Dr. Curtis went on. Alleyn and the Lacklanders watched each other.

CHAPTER XI

Between Hammer and Nunspardon

Nurse Kettle had finished her afternoon jobs in Swevenings, but before she returned to Chyning, she thought she should visit the child with the abscess in the gardener’s cottage at Hammer Farm. She felt some delicacy about this duty because of the calamity that had befallen the Cartarettes. Still, she could slip quietly round the house and down to the cottage without bothering anybody, and perhaps the gardener’s wife would have a scrap or two of mournful gossip for her about when the funeral was to take place and what the police were doing and how the ladies were bearing up and whether general opinion favoured an early marriage between Miss Rose and Dr. Mark. She also wondered privately what, if anything, was being said about Mrs. Cartarette and Sir George Lacklander, though her loyalty to The Family, she told herself, would oblige her to give a good slap down to any nonsense that was talked in that direction.

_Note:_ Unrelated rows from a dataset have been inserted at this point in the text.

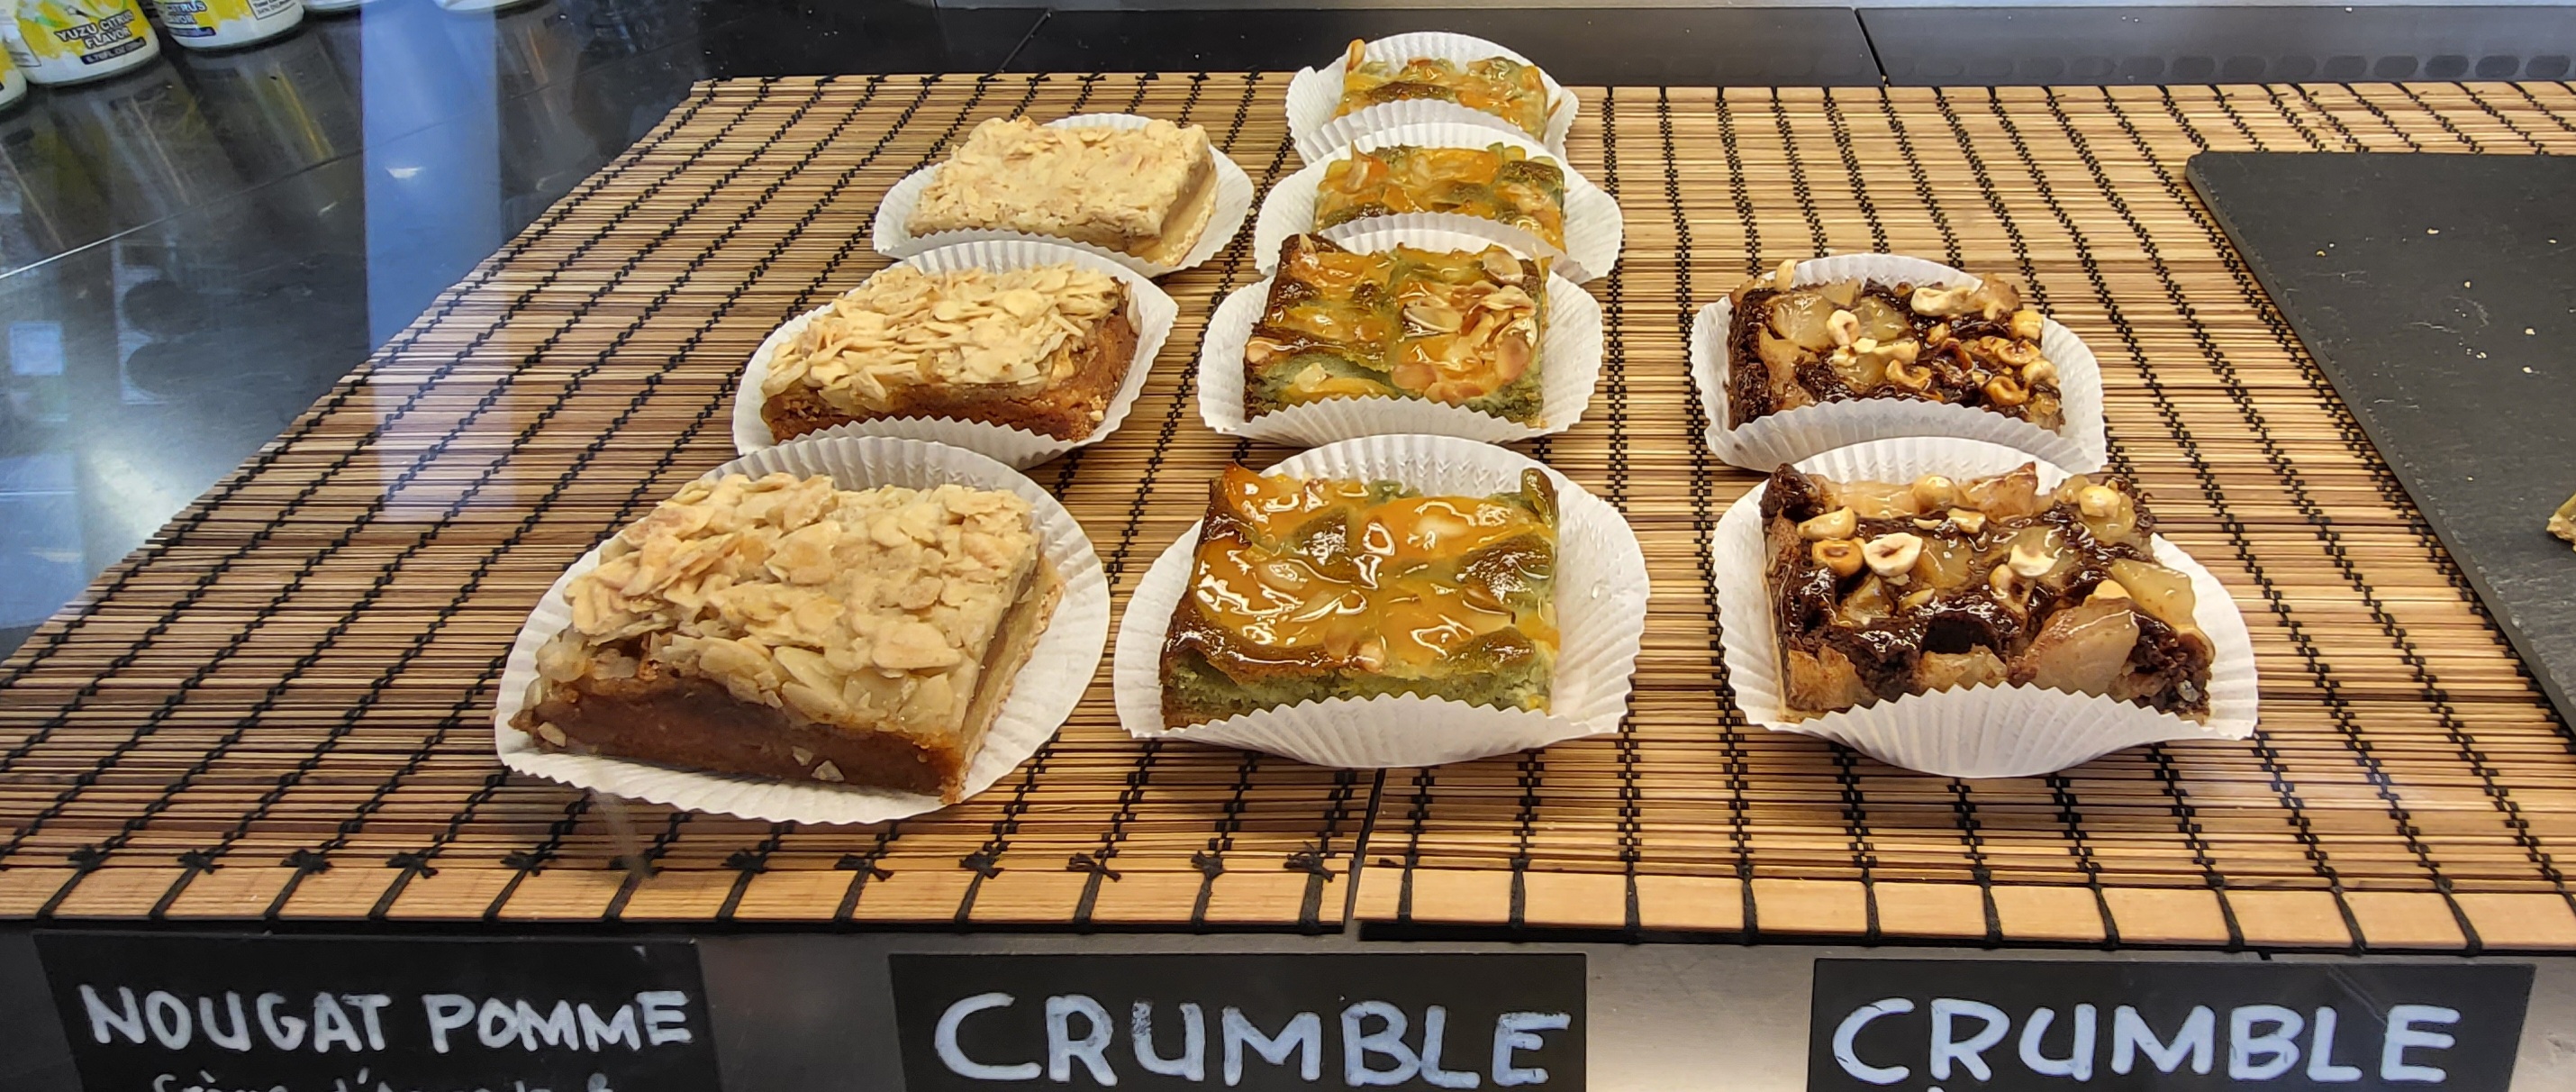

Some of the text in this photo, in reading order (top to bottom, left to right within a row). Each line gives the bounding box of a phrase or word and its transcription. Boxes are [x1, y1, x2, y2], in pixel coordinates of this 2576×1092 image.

[55, 10, 133, 41] YUZU CITRUS
[85, 27, 131, 49] FLAVOR
[79, 985, 692, 1052] NOUGAT POMME
[934, 992, 1571, 1088] CRUMBLE
[1833, 998, 2460, 1083] CRUMBLE
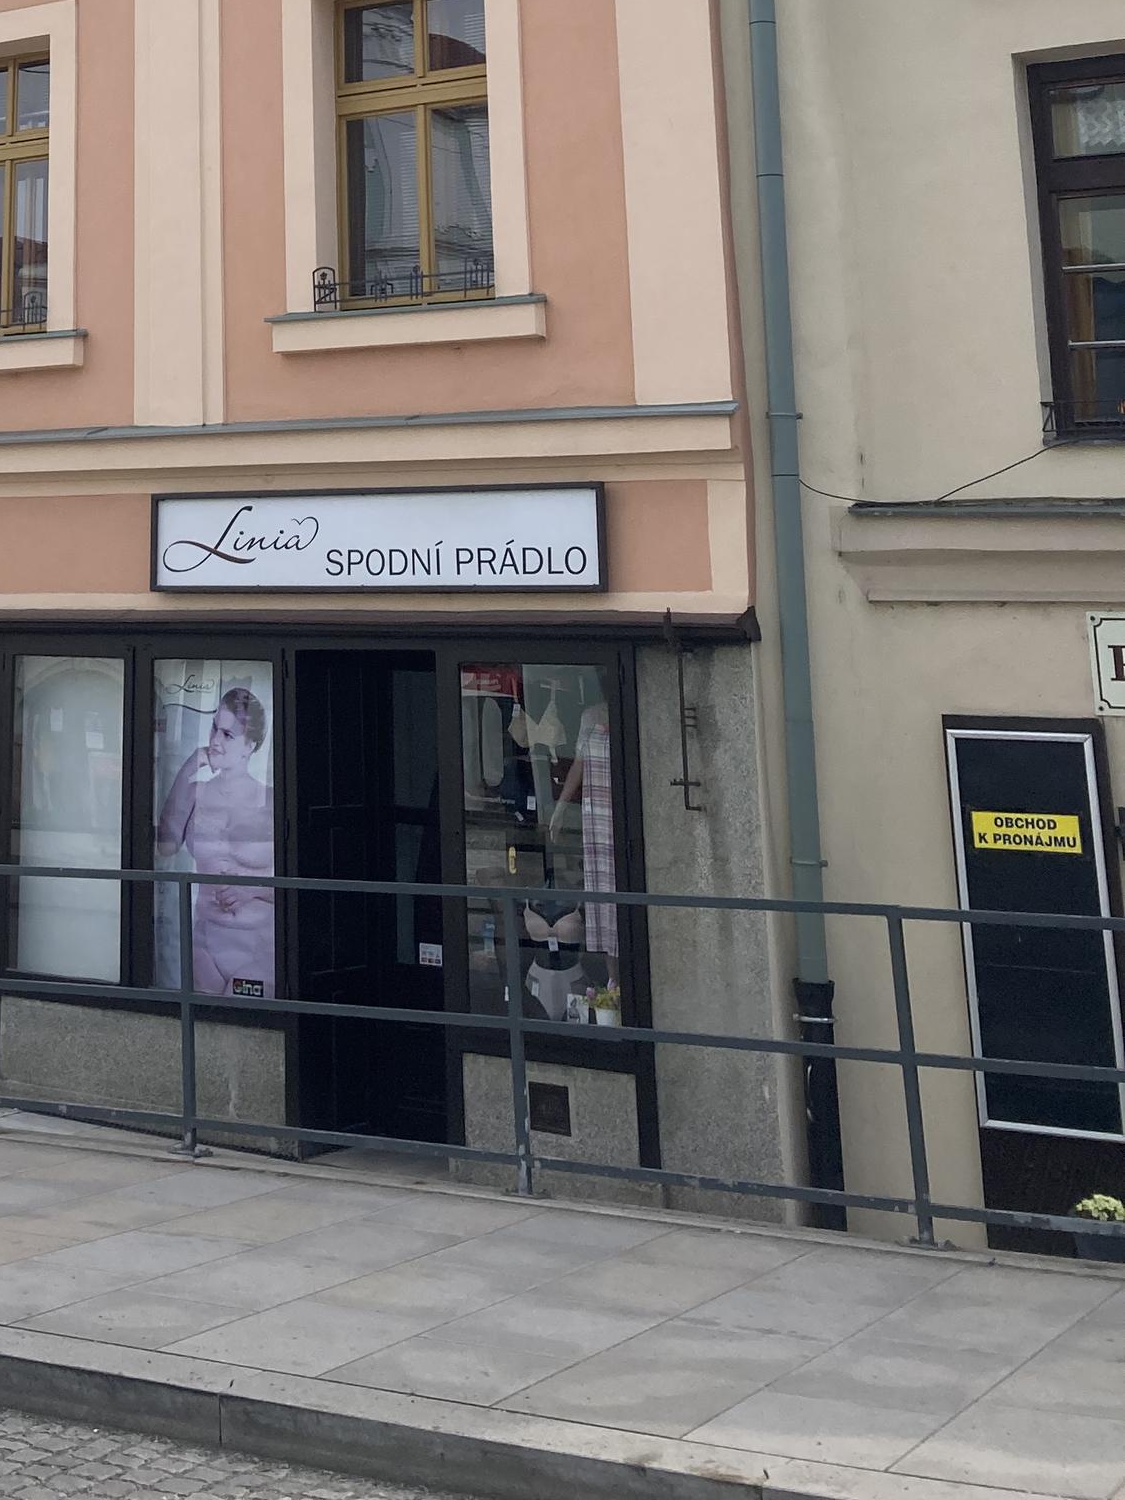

Perhaps her recent interview with Commander Syce had a little upset her. It had been such a bitter and unexpected disappointment to find him at high noon so distinctly the worse for wear. Perhaps it was disappointment that had made her say such astonishingly snappish things to him; or, more likely, she thought, anxiety. Because, she reflected as she drove up Watt’s Hill, she was dreadfully anxious about him. Of course, she knew very well that he had pretended to be prostrate with lumbago because he wanted her to go on visiting him, and this duplicity, she had to admit, gave her a cosy feeling under her diaphragm. But Chief Detective-Inspector Alleyn would have a very different point of view about the deception; perhaps a terrifying point of view. Well, there, she thought, turning in at the Hammer Farm drive, it was no good at her age getting the flutters. In her simple snobbishness she comforted herself with the thought that “Handsome Alleyn,” as the evening papers called him, was the Right Sort, by which Nurse Kettle meant the Lacklander as opposed to the Kettle or Fox or Oliphant sort or, she was obliged to add to herself, the Kitty Cartarette sort. As this thought occurred to her, she compressed her generous lips. The memory had arisen of Commander Syce trying half-heartedly to conceal a rather exotic water-colour of Kitty Cartarette. It was a memory that, however much Nurse Kettle might try to shove it out of sight, recurred with unpleasant frequency.

By this time she was out of the car and stumping round the house by a path that ran down to the gardener’s cottage. She carried her bag and looked straight before her, and she quite jumped when she heard her name called: “Hullo, there! Nurse Kettle!”

It was Kitty Cartarette sitting out on the terrace with a tea-table in front of her. “Come and have some,” she called.